1.妊娠特异性糖蛋白1(PSG1)用于治疗人骨关节炎或受损软骨的方法，其中PSG1通过关节内注射施用。

2.根据权利要求1所述的PSG1，用于权利要求1，其中所述PSG1是Fc标记的PSG1(PSG1-Fc)。

3.根据权利要求1或2所述的PSG1，用于权利要求1，其中将PSG1或PSG1-Fc表达载体施用于人。

4.CC49用于治疗马科哺乳动物骨关节炎或受损软骨的方法，其中CC49通过关节内注射施用于马科哺乳动物。

5.根据权利要求4所述的CC49，用于权利要求4，其中所述CC49是Fc标记的CC49(CC49-Fc)，其中所述Fc标记任选为马Fc标记。

6.根据权利要求4或5所述的CC49，用于权利要求4，其中将CC49或CC49-Fc表达载体施用于马科哺乳动物。

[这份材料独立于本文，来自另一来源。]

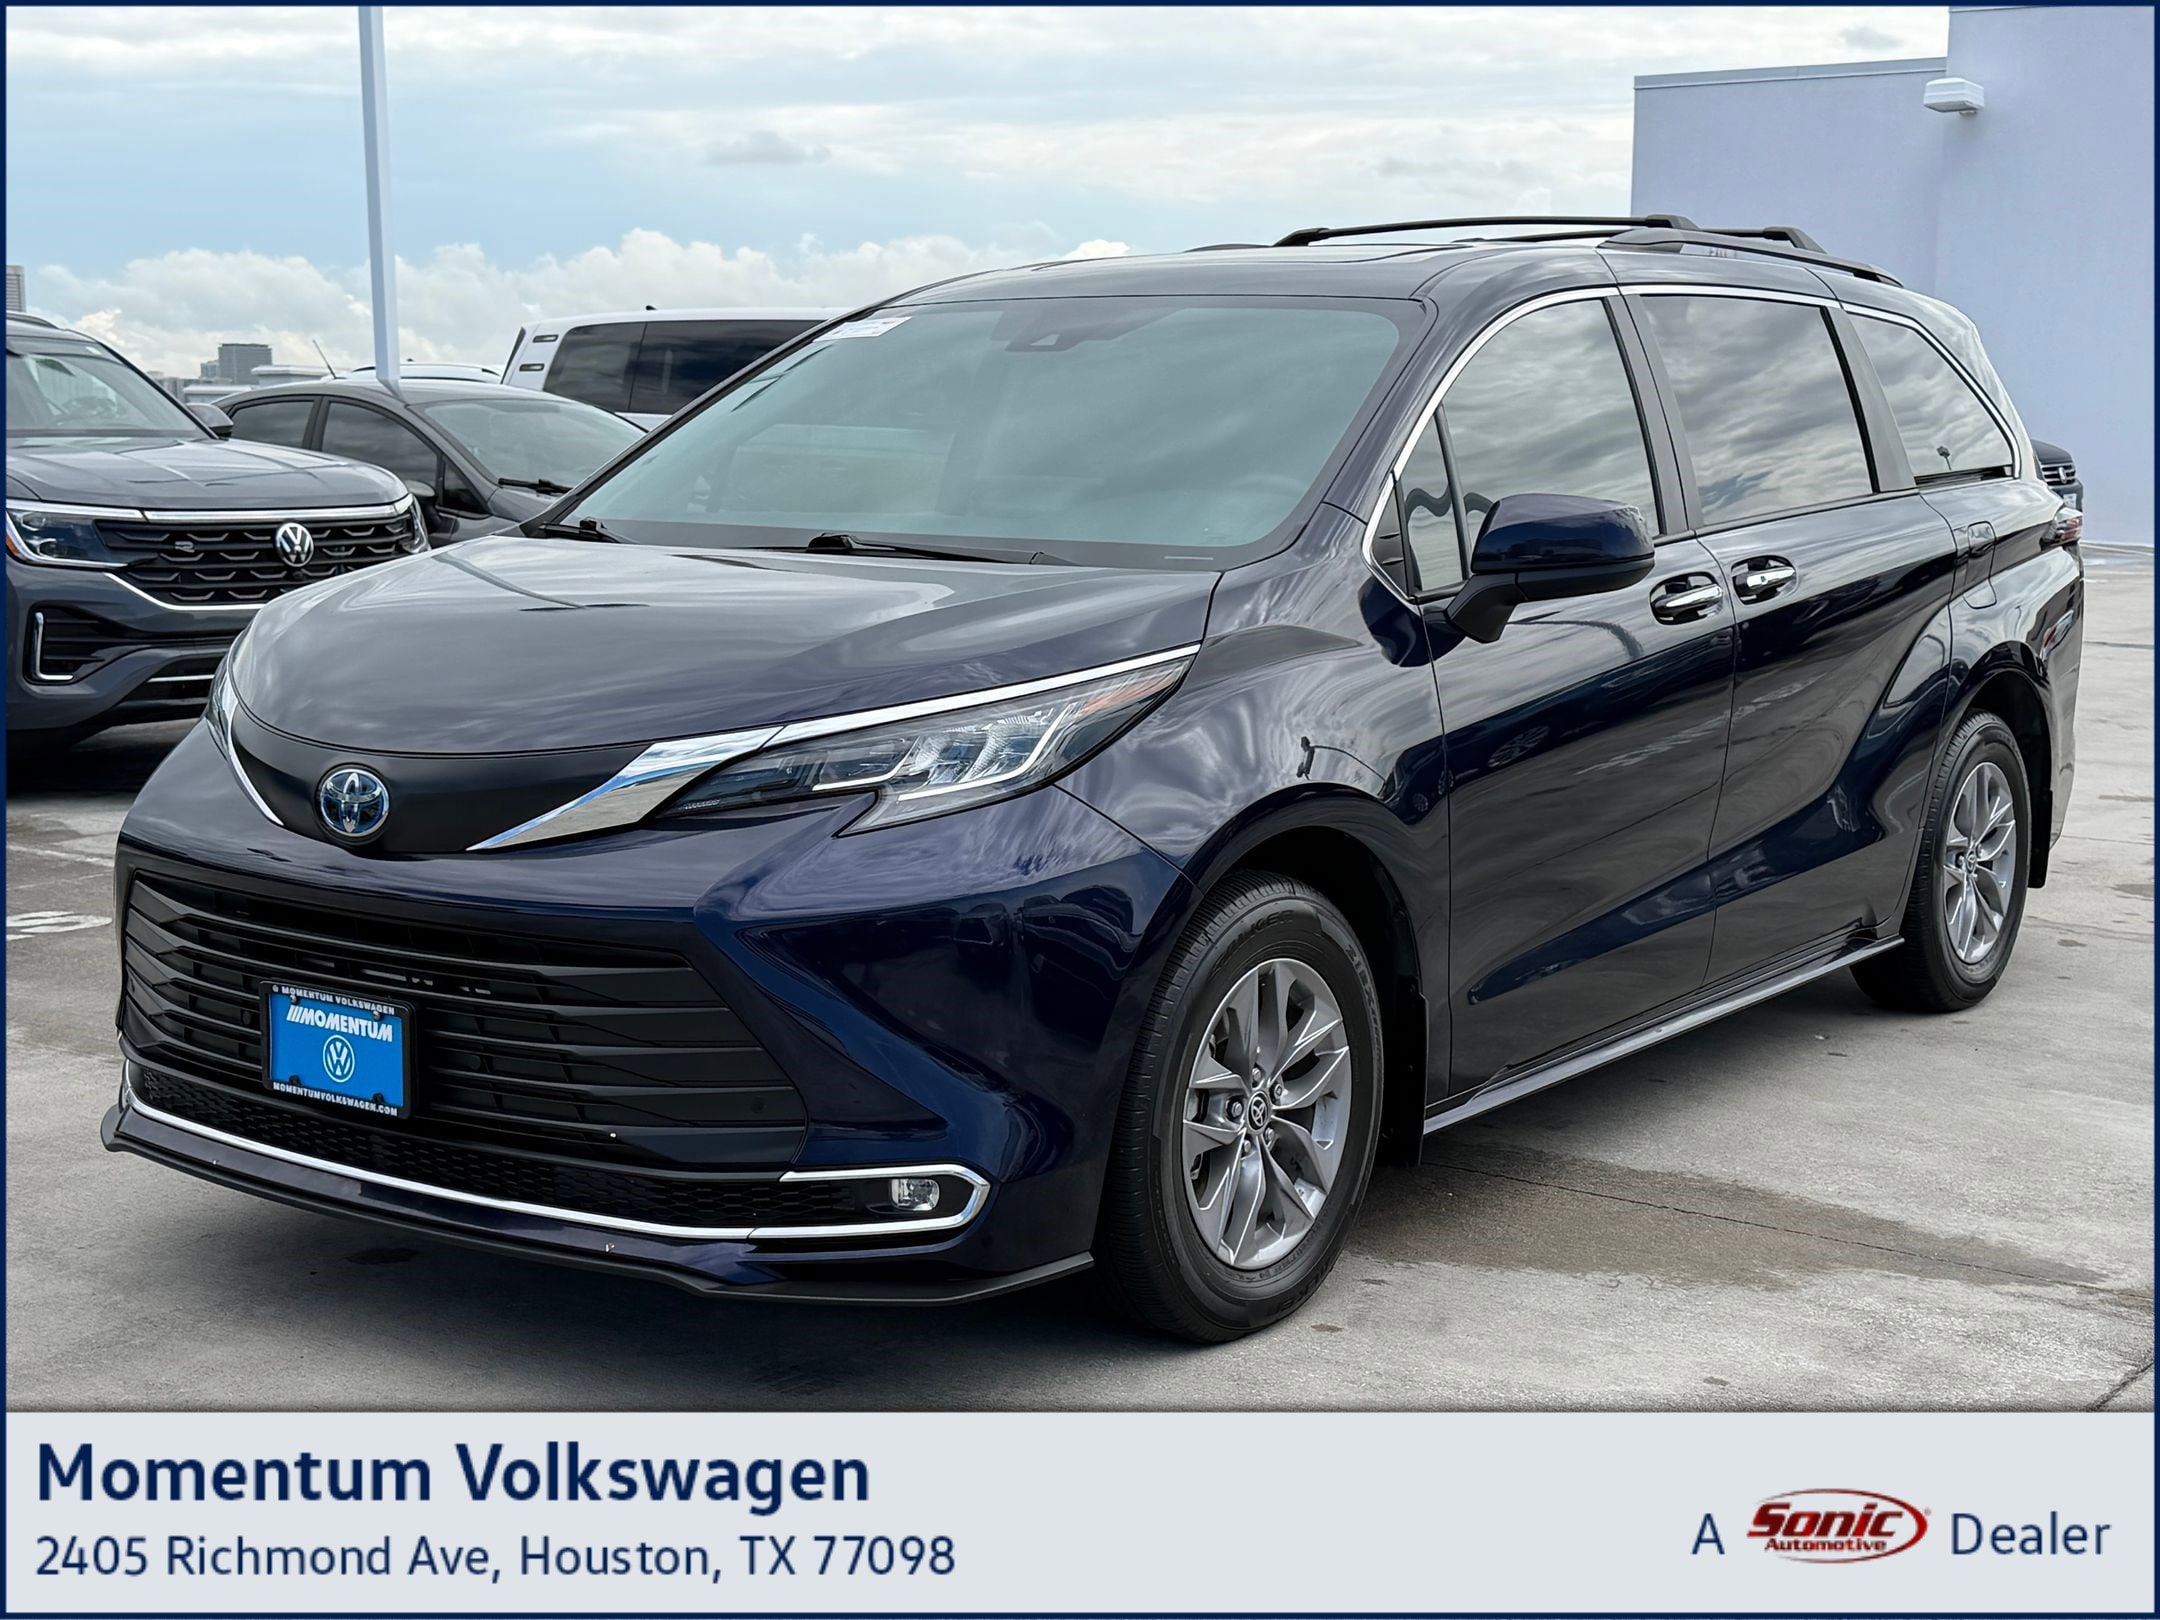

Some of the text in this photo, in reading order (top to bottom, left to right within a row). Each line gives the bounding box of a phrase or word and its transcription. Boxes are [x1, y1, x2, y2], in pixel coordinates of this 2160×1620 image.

[281, 986, 395, 1015] MOMENTUM VOLKSWAGEN
[273, 1082, 398, 1117] MOMENTUMVOLKSWAGEN.COM

7.妊娠特异性糖蛋白1(PSG1)用于治疗人糖尿病性溃疡的方法。

8.根据权利要求7所述的PSG1，用于权利要求7，其中所述PSG1是Fc标记的PSG1(PSG1-Fc)。

9.根据权利要求7或8述的PSG1，用于权利要求7，其中所述PSG1以局部组合物提供，其中所述局部组合物局部施用至糖尿病性溃疡。

10.妊娠特异性糖蛋白1(PSG1)用于治疗哺乳动物伤口的方法。

11.根据权利要求10所述的PSG1，用于权利要求10，其中将所述PSG1局部施用至伤口。

12.根据权利要求10所述的PSG1，用于权利要求10或11，其中所述伤口由切除增生性疤痕引起。

13.根据权利要求10所述的PSG1，用于权利要求10或11，其中所述伤口包含瘢痕疙瘩。